No matter what the staffers plant, the colors are invariably vibrant and the panorama picturesque. Which is to say this is the big-time selfie spot.

Strike a pose. Perhaps you want the shot to include the sculpture in the water — she’s officially known as “Play Days.”

Kids will be transfixed by the koi — those ornamental carp that look like giant goldfish — swimming around Harriet Frishmuth’s 1925 bronze sculpture of a young woman.

Peaceful vibe

During the pandemic, you will appreciate the relative peacefulness of the Sunken Garden. Yes, it’s relative. In pre-COVID times, this room was usually crawling with camera-toting visitors — or packed with relatives and friends for weddings.

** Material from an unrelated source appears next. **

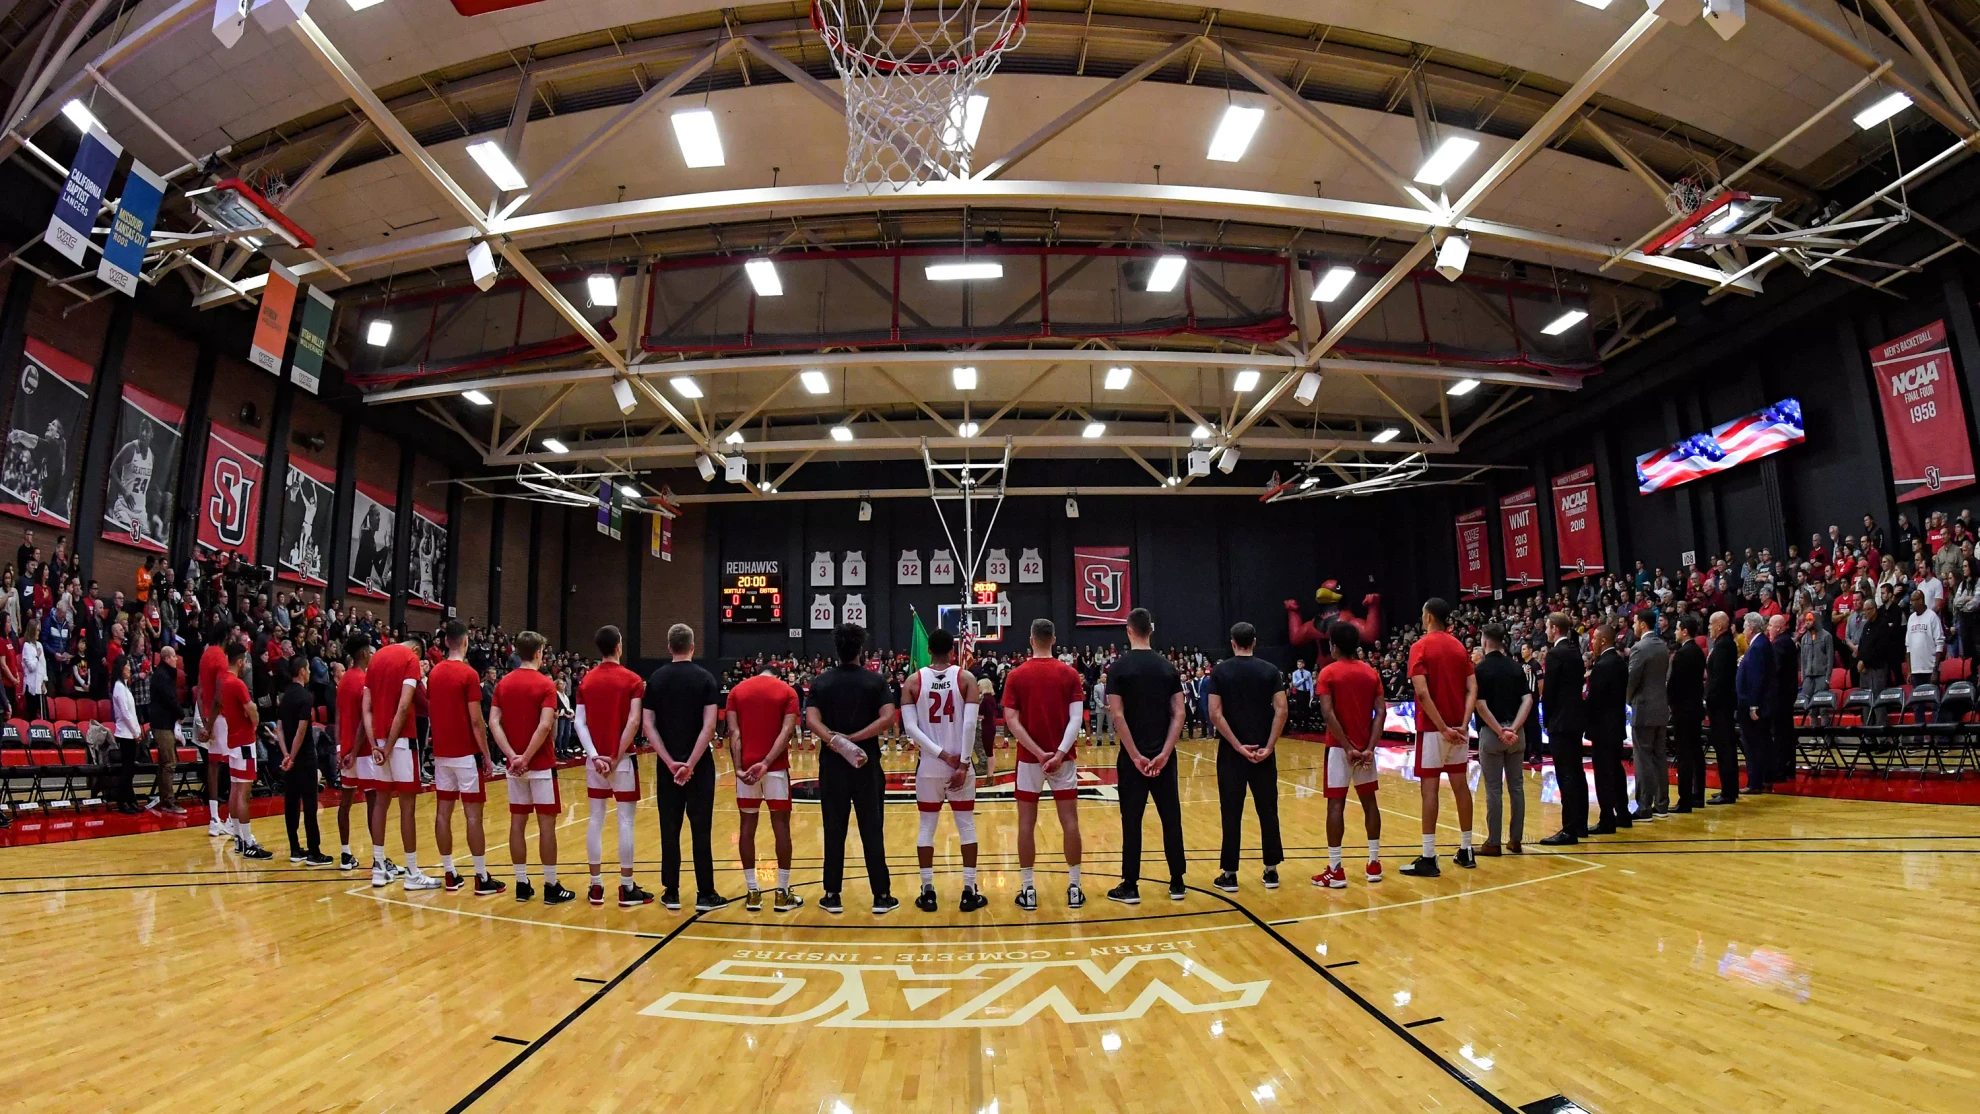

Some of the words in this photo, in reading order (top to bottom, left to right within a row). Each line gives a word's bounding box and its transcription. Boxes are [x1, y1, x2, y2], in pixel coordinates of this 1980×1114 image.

Time to return briefly to the paradise that is the Palm Dome — remember to look skyward to appreciate the palms — before arriving at Ordway Gardens, aka the bonsai collection.

Whether you’re inside or outdoors, it’s easy to marvel up close at these decades-old miniature trees. Buddhist Pine. Royal Frost Birch. Weeping Fig. Bonsai is Japanese for “planted in a container” because the tree roots are pruned to stunt the growth, and the branches are constantly trimmed. Talk about a dedicated gardener.

Now that you’re outside, saunter over to the Japanese Gardens. Go somewhere you’ve never gone before. There’s a new, paved path that takes you behind the tea house. This route enables everyone to go in the same direction. Some paths are blocked off. But you still get to walk on water — well, across a stream on huge stones. Kids love doing this. So, too, adults.

If you’re tired at this point, plop down on a massive rock. Then peer out at the lush greenery, the soothing stream and mini-waterfall. When was the last time you felt so chill in the Twin Cities?

The last stop at the Como Conservatory is more of a free-for-all, with no required path or directional arrows to guide you. It’s the outdoor Lily Pond.

The large round leaves look like State Fair spin-a-paints done in burgundy and emerald. The lilies themselves look like explosions from a Crayola box. Rich rose, salmon pink, luscious lavender. There are even purple-and-gold lilies for Vikings fans, and maroon-and-gold-surrounded-by-white ones for Gophers aficionados accustomed to ever-changing uniforms.

The cost of this trip? It’s always free, though donations are welcomed. During the pandemic, the experience is priceless.